"Aufmerksamkeit kann man kaufen. Unsere Stimmen nicht." Am Mittwoch, einem der letzten Tage, an dem die Schweizer, die mehrheitlich per Briefwahl abstimmen, zur Post gehen konnten, prangte dieser Satz auf der auflagenstarken Gratiszeitung 20 Minuten. Die Aktion war getragen von mehr als 12 200 Bürgern, die mit ihrer Spende gegen den ihrer Meinung nach inhaltsleeren, intransparenten Wahlkampf der vergangenen Wochen protestieren wollten.
Wenn am Sonntag die Ergebnisse der Parlamentswahl feststehen, wird man sich vor allem an eines erinnern: Die Omnipräsenz der rechtskonservativen Schweizerischen Volkspartei (SVP), die den Wahlkampf in diesem Jahr vor allem mit Musikvideos bestritten hatte. Und das Schweigen der anderen Parteien, die zwar beim von der SVP beschworenen "Asylchaos" teilweise dagegenhielten, inhaltliche Debatten - etwa über die Zukunft der europäischen Beziehungen - aber weitgehend vermieden haben.

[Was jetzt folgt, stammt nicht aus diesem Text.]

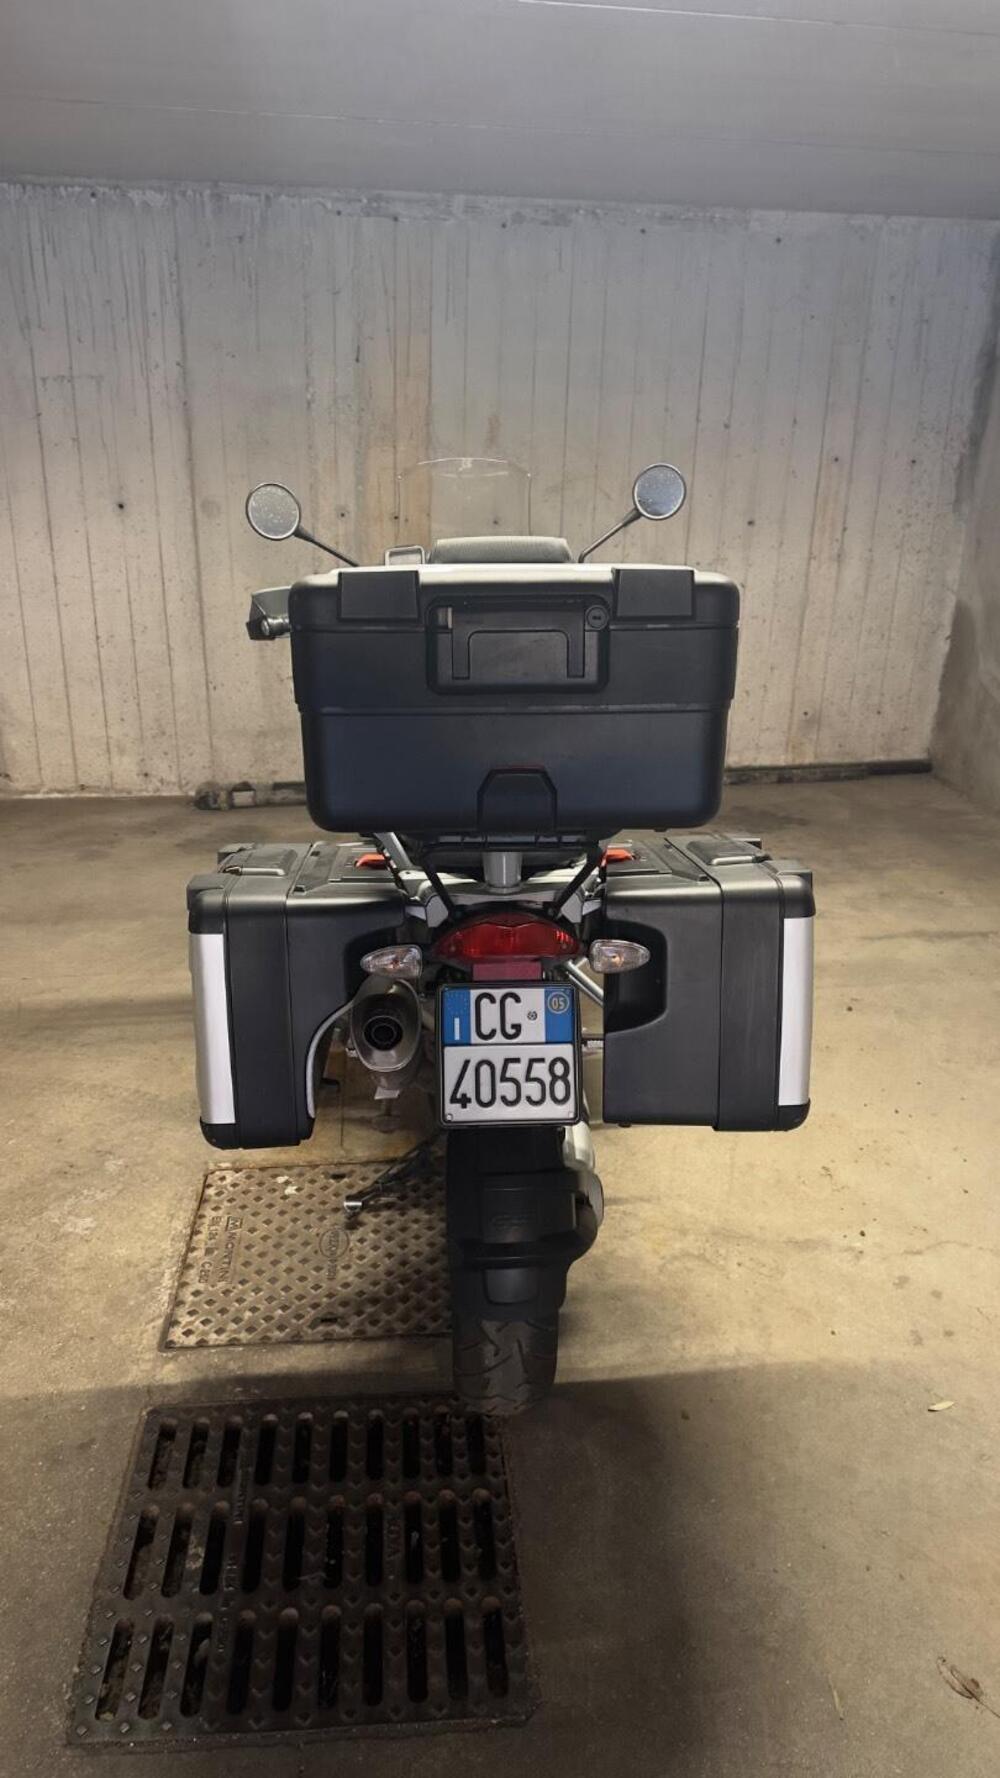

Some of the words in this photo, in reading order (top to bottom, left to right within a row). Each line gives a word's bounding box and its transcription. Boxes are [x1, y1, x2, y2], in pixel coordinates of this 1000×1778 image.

[475, 992, 522, 1041] CG
[551, 997, 565, 1009] 05
[450, 1056, 571, 1109] 40558

Die politische Landschaft könnte sich polarisieren
Aktuelle Umfragen sagen einen Rechtsrutsch voraus: Die SVP könnte fast 30 Prozent der Wähler gewinnen, wäre damit wieder stärkste Partei. Die Sozialdemokraten können mit 20 Prozent rechnen, der wirtschaftsliberalen FDP werden etwa 17 Prozent prognostiziert. Die Parteien in der Mitte, Christdemokraten, Grünliberale und Bürgerliche, könnten die Verlierer der Wahlen sein - eine Polarisierung der konsensorientierten politischen Landschaft.
Auch die Zusammensetzung der Regierung, in der alle großen Parteien Minister stellen, könnte sich ändern: Die SVP ist mit einem von sieben Bundesräten klar untervertreten.
Finanziell ist die rechtspopulistische Partei allerdings eher überrepräsentiert: Mehr als sieben Millionen Franken gab sie zwischen April und September für Wahlwerbung aus - alle anderen Parteien kamen 2015 zusammen auf elf Millionen.
Mitte September hatte die Partei von Milliardär Christoph Blocher die Titelseite der 20 Minuten gekauft, um dort für ihren Song "Welcome to SVP" zu werben. Der Techno-Remix stieg daraufhin auf Platz 6 der Schweizer Charts ein.
Die per Crowdfunding finanzierte Protestaktion der vergangenen Woche druckte die Namen der Spender auf die Titelseite der Gratiszeitung- als Statement für transparente Wahlkampf-Finanzierung.